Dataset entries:
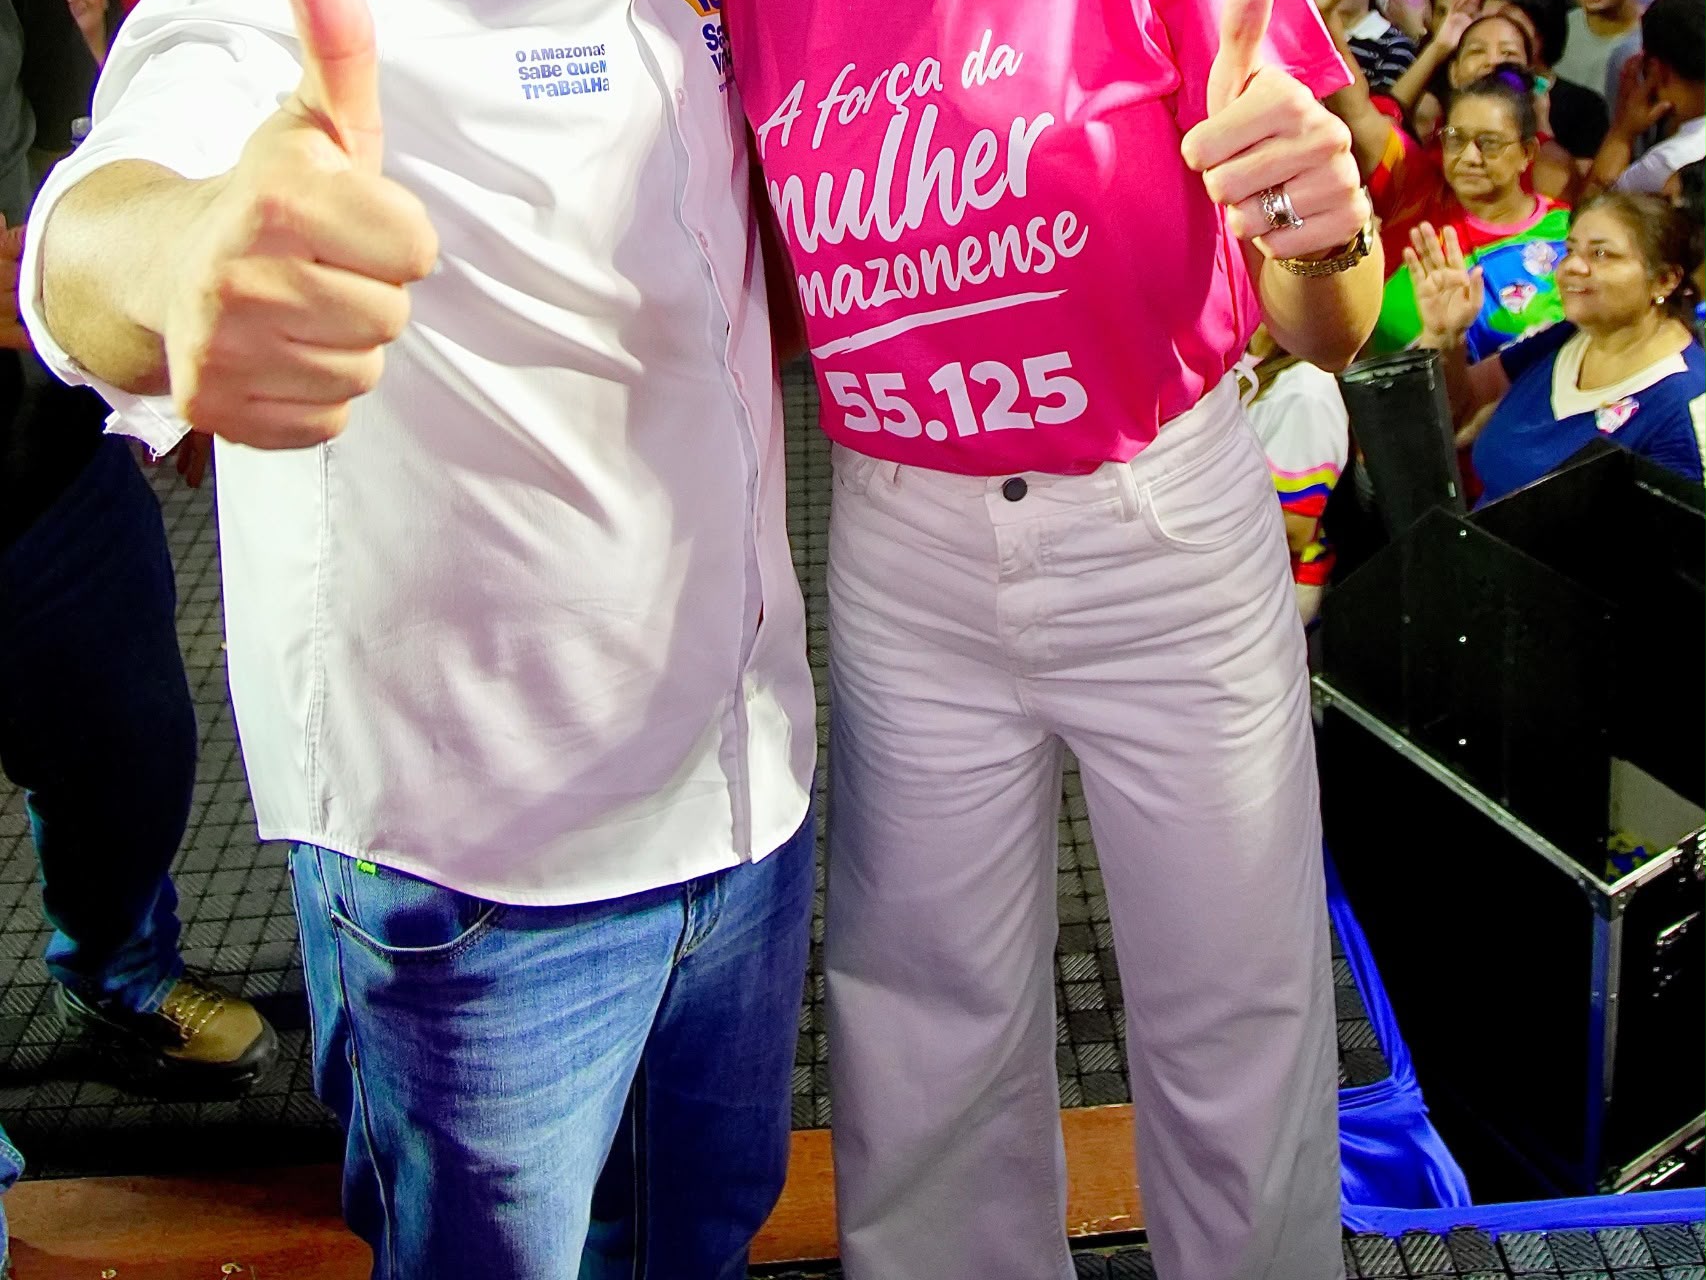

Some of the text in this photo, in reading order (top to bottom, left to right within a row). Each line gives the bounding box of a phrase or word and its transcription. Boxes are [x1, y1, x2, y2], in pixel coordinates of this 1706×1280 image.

[515, 50, 527, 63] O
[757, 29, 1023, 160] A força da
[765, 104, 1055, 253] mulher
[798, 210, 1089, 319] mazonense
[823, 351, 1089, 441] 55.125

▶ **PROBLEM STATEMENT**
Every line of the data above should be returned exactly, with the pictures removed.

▶ **RESULT FOR THIS TASK**
Some of the text in this photo, in reading order (top to bottom, left to right within a row). Each line gives the bounding box of a phrase or word and its transcription. Boxes are [x1, y1, x2, y2], in pixel coordinates of this 1706×1280 image.

[515, 50, 527, 63] O
[757, 29, 1023, 160] A força da
[765, 104, 1055, 253] mulher
[798, 210, 1089, 319] mazonense
[823, 351, 1089, 441] 55.125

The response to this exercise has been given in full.